Saved entries
══════

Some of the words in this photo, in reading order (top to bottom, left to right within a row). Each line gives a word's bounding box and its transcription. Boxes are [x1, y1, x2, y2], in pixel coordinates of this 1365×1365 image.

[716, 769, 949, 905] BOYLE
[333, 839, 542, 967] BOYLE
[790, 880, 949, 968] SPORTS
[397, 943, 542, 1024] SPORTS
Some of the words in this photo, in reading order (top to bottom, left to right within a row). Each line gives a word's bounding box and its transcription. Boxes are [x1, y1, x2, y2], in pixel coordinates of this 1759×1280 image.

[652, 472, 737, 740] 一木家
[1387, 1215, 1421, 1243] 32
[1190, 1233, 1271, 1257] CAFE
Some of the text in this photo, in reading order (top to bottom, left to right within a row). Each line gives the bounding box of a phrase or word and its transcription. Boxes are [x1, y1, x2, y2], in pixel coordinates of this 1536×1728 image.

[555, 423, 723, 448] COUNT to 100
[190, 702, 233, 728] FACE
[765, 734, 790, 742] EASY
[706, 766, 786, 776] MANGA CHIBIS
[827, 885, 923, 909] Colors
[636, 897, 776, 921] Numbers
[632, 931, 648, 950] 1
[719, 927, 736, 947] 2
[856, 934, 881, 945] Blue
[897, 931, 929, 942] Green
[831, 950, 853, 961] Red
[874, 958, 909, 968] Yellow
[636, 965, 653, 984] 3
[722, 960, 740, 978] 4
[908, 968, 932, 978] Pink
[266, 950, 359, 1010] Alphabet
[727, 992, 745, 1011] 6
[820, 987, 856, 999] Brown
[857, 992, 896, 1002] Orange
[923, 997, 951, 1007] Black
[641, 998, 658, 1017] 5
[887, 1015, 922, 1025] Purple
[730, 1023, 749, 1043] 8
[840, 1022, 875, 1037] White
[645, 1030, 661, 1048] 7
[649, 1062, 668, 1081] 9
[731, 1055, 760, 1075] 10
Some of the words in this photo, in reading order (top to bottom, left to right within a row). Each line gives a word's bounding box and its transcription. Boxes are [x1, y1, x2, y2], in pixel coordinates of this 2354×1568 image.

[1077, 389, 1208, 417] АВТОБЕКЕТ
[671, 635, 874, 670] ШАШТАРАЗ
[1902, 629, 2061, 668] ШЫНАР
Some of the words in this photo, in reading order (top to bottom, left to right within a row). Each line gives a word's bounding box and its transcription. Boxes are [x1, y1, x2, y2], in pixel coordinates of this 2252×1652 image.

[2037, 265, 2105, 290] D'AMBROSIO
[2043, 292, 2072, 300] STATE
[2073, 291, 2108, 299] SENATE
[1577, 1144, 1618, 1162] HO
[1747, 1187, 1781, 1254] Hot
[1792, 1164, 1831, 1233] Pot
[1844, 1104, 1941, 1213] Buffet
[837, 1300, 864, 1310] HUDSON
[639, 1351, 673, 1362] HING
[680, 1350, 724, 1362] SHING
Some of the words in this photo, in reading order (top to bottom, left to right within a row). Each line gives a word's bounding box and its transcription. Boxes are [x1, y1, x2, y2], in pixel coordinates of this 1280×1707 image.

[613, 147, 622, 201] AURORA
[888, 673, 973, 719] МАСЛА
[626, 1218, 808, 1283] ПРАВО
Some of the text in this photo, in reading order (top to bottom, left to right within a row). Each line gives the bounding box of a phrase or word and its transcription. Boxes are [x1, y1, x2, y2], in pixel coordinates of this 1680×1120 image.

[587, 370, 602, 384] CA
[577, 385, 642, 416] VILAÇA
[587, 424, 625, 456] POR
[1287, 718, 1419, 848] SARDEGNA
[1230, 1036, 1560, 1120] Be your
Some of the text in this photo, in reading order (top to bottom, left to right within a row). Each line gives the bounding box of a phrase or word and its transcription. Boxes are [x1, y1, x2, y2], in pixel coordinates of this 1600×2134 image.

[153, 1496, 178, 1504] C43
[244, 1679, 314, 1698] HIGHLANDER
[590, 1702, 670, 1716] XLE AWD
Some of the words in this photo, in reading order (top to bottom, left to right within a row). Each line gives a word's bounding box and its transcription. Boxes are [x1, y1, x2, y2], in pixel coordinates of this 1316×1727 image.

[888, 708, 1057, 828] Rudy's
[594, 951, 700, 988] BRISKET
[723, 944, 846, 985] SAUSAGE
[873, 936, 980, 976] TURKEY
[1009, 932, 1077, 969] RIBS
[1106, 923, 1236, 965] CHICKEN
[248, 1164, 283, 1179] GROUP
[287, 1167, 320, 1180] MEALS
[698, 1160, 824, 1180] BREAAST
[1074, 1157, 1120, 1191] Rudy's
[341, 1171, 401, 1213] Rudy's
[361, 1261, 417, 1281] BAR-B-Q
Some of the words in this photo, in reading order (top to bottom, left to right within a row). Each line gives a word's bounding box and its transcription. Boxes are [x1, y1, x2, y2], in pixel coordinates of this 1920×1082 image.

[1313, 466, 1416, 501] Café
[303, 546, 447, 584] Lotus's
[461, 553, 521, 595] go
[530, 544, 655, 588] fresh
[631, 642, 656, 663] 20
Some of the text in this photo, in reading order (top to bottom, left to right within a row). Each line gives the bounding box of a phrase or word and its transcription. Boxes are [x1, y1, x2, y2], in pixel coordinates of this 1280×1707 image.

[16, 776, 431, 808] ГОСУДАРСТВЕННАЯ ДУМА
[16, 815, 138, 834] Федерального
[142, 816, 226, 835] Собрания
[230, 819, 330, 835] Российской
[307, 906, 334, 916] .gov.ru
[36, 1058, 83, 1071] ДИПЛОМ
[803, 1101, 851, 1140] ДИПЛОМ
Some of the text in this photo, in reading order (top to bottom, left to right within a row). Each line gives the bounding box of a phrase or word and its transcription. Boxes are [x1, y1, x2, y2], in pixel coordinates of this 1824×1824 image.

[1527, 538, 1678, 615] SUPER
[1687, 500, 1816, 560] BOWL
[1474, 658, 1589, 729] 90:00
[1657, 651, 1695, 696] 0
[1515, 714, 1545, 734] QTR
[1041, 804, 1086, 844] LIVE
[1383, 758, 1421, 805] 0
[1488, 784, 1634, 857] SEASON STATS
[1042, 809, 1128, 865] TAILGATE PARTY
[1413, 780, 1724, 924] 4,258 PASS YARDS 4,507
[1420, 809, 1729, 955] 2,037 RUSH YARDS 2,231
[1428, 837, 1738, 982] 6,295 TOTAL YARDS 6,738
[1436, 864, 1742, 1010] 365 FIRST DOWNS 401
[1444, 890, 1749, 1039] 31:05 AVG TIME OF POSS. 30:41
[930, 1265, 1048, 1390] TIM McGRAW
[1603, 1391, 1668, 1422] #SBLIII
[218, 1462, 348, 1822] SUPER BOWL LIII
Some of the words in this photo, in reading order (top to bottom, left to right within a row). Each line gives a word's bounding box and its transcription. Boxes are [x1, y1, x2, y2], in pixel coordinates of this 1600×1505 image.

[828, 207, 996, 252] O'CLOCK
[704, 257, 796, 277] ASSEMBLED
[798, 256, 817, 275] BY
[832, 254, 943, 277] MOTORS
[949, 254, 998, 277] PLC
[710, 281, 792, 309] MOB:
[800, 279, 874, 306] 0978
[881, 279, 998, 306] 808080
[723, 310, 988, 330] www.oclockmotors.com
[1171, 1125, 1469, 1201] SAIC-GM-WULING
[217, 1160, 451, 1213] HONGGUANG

══════

- EXERCISE AIM -
From the first line to the last, retype the records exactly.

- YOUR RESPONSE -
Some of the words in this photo, in reading order (top to bottom, left to right within a row). Each line gives a word's bounding box and its transcription. Boxes are [x1, y1, x2, y2], in pixel coordinates of this 1365×1365 image.

[716, 769, 949, 905] BOYLE
[333, 839, 542, 967] BOYLE
[790, 880, 949, 968] SPORTS
[397, 943, 542, 1024] SPORTS
Some of the words in this photo, in reading order (top to bottom, left to right within a row). Each line gives a word's bounding box and its transcription. Boxes are [x1, y1, x2, y2], in pixel coordinates of this 1759×1280 image.

[652, 472, 737, 740] 一木家
[1387, 1215, 1421, 1243] 32
[1190, 1233, 1271, 1257] CAFE
Some of the text in this photo, in reading order (top to bottom, left to right within a row). Each line gives the bounding box of a phrase or word and its transcription. Boxes are [x1, y1, x2, y2], in pixel coordinates of this 1536×1728 image.

[555, 423, 723, 448] COUNT to 100
[190, 702, 233, 728] FACE
[765, 734, 790, 742] EASY
[706, 766, 786, 776] MANGA CHIBIS
[827, 885, 923, 909] Colors
[636, 897, 776, 921] Numbers
[632, 931, 648, 950] 1
[719, 927, 736, 947] 2
[856, 934, 881, 945] Blue
[897, 931, 929, 942] Green
[831, 950, 853, 961] Red
[874, 958, 909, 968] Yellow
[636, 965, 653, 984] 3
[722, 960, 740, 978] 4
[908, 968, 932, 978] Pink
[266, 950, 359, 1010] Alphabet
[727, 992, 745, 1011] 6
[820, 987, 856, 999] Brown
[857, 992, 896, 1002] Orange
[923, 997, 951, 1007] Black
[641, 998, 658, 1017] 5
[887, 1015, 922, 1025] Purple
[730, 1023, 749, 1043] 8
[840, 1022, 875, 1037] White
[645, 1030, 661, 1048] 7
[649, 1062, 668, 1081] 9
[731, 1055, 760, 1075] 10
Some of the words in this photo, in reading order (top to bottom, left to right within a row). Each line gives a word's bounding box and its transcription. Boxes are [x1, y1, x2, y2], in pixel coordinates of this 2354×1568 image.

[1077, 389, 1208, 417] АВТОБЕКЕТ
[671, 635, 874, 670] ШАШТАРАЗ
[1902, 629, 2061, 668] ШЫНАР
Some of the words in this photo, in reading order (top to bottom, left to right within a row). Each line gives a word's bounding box and its transcription. Boxes are [x1, y1, x2, y2], in pixel coordinates of this 2252×1652 image.

[2037, 265, 2105, 290] D'AMBROSIO
[2043, 292, 2072, 300] STATE
[2073, 291, 2108, 299] SENATE
[1577, 1144, 1618, 1162] HO
[1747, 1187, 1781, 1254] Hot
[1792, 1164, 1831, 1233] Pot
[1844, 1104, 1941, 1213] Buffet
[837, 1300, 864, 1310] HUDSON
[639, 1351, 673, 1362] HING
[680, 1350, 724, 1362] SHING
Some of the words in this photo, in reading order (top to bottom, left to right within a row). Each line gives a word's bounding box and its transcription. Boxes are [x1, y1, x2, y2], in pixel coordinates of this 1280×1707 image.

[613, 147, 622, 201] AURORA
[888, 673, 973, 719] МАСЛА
[626, 1218, 808, 1283] ПРАВО
Some of the text in this photo, in reading order (top to bottom, left to right within a row). Each line gives the bounding box of a phrase or word and its transcription. Boxes are [x1, y1, x2, y2], in pixel coordinates of this 1680×1120 image.

[587, 370, 602, 384] CA
[577, 385, 642, 416] VILAÇA
[587, 424, 625, 456] POR
[1287, 718, 1419, 848] SARDEGNA
[1230, 1036, 1560, 1120] Be your
Some of the text in this photo, in reading order (top to bottom, left to right within a row). Each line gives the bounding box of a phrase or word and its transcription. Boxes are [x1, y1, x2, y2], in pixel coordinates of this 1600×2134 image.

[153, 1496, 178, 1504] C43
[244, 1679, 314, 1698] HIGHLANDER
[590, 1702, 670, 1716] XLE AWD
Some of the words in this photo, in reading order (top to bottom, left to right within a row). Each line gives a word's bounding box and its transcription. Boxes are [x1, y1, x2, y2], in pixel coordinates of this 1316×1727 image.

[888, 708, 1057, 828] Rudy's
[594, 951, 700, 988] BRISKET
[723, 944, 846, 985] SAUSAGE
[873, 936, 980, 976] TURKEY
[1009, 932, 1077, 969] RIBS
[1106, 923, 1236, 965] CHICKEN
[248, 1164, 283, 1179] GROUP
[287, 1167, 320, 1180] MEALS
[698, 1160, 824, 1180] BREAAST
[1074, 1157, 1120, 1191] Rudy's
[341, 1171, 401, 1213] Rudy's
[361, 1261, 417, 1281] BAR-B-Q
Some of the words in this photo, in reading order (top to bottom, left to right within a row). Each line gives a word's bounding box and its transcription. Boxes are [x1, y1, x2, y2], in pixel coordinates of this 1920×1082 image.

[1313, 466, 1416, 501] Café
[303, 546, 447, 584] Lotus's
[461, 553, 521, 595] go
[530, 544, 655, 588] fresh
[631, 642, 656, 663] 20
Some of the text in this photo, in reading order (top to bottom, left to right within a row). Each line gives the bounding box of a phrase or word and its transcription. Boxes are [x1, y1, x2, y2], in pixel coordinates of this 1280×1707 image.

[16, 776, 431, 808] ГОСУДАРСТВЕННАЯ ДУМА
[16, 815, 138, 834] Федерального
[142, 816, 226, 835] Собрания
[230, 819, 330, 835] Российской
[307, 906, 334, 916] .gov.ru
[36, 1058, 83, 1071] ДИПЛОМ
[803, 1101, 851, 1140] ДИПЛОМ
Some of the text in this photo, in reading order (top to bottom, left to right within a row). Each line gives the bounding box of a phrase or word and its transcription. Boxes are [x1, y1, x2, y2], in pixel coordinates of this 1824×1824 image.

[1527, 538, 1678, 615] SUPER
[1687, 500, 1816, 560] BOWL
[1474, 658, 1589, 729] 90:00
[1657, 651, 1695, 696] 0
[1515, 714, 1545, 734] QTR
[1041, 804, 1086, 844] LIVE
[1383, 758, 1421, 805] 0
[1488, 784, 1634, 857] SEASON STATS
[1042, 809, 1128, 865] TAILGATE PARTY
[1413, 780, 1724, 924] 4,258 PASS YARDS 4,507
[1420, 809, 1729, 955] 2,037 RUSH YARDS 2,231
[1428, 837, 1738, 982] 6,295 TOTAL YARDS 6,738
[1436, 864, 1742, 1010] 365 FIRST DOWNS 401
[1444, 890, 1749, 1039] 31:05 AVG TIME OF POSS. 30:41
[930, 1265, 1048, 1390] TIM McGRAW
[1603, 1391, 1668, 1422] #SBLIII
[218, 1462, 348, 1822] SUPER BOWL LIII
Some of the words in this photo, in reading order (top to bottom, left to right within a row). Each line gives a word's bounding box and its transcription. Boxes are [x1, y1, x2, y2], in pixel coordinates of this 1600×1505 image.

[828, 207, 996, 252] O'CLOCK
[704, 257, 796, 277] ASSEMBLED
[798, 256, 817, 275] BY
[832, 254, 943, 277] MOTORS
[949, 254, 998, 277] PLC
[710, 281, 792, 309] MOB:
[800, 279, 874, 306] 0978
[881, 279, 998, 306] 808080
[723, 310, 988, 330] www.oclockmotors.com
[1171, 1125, 1469, 1201] SAIC-GM-WULING
[217, 1160, 451, 1213] HONGGUANG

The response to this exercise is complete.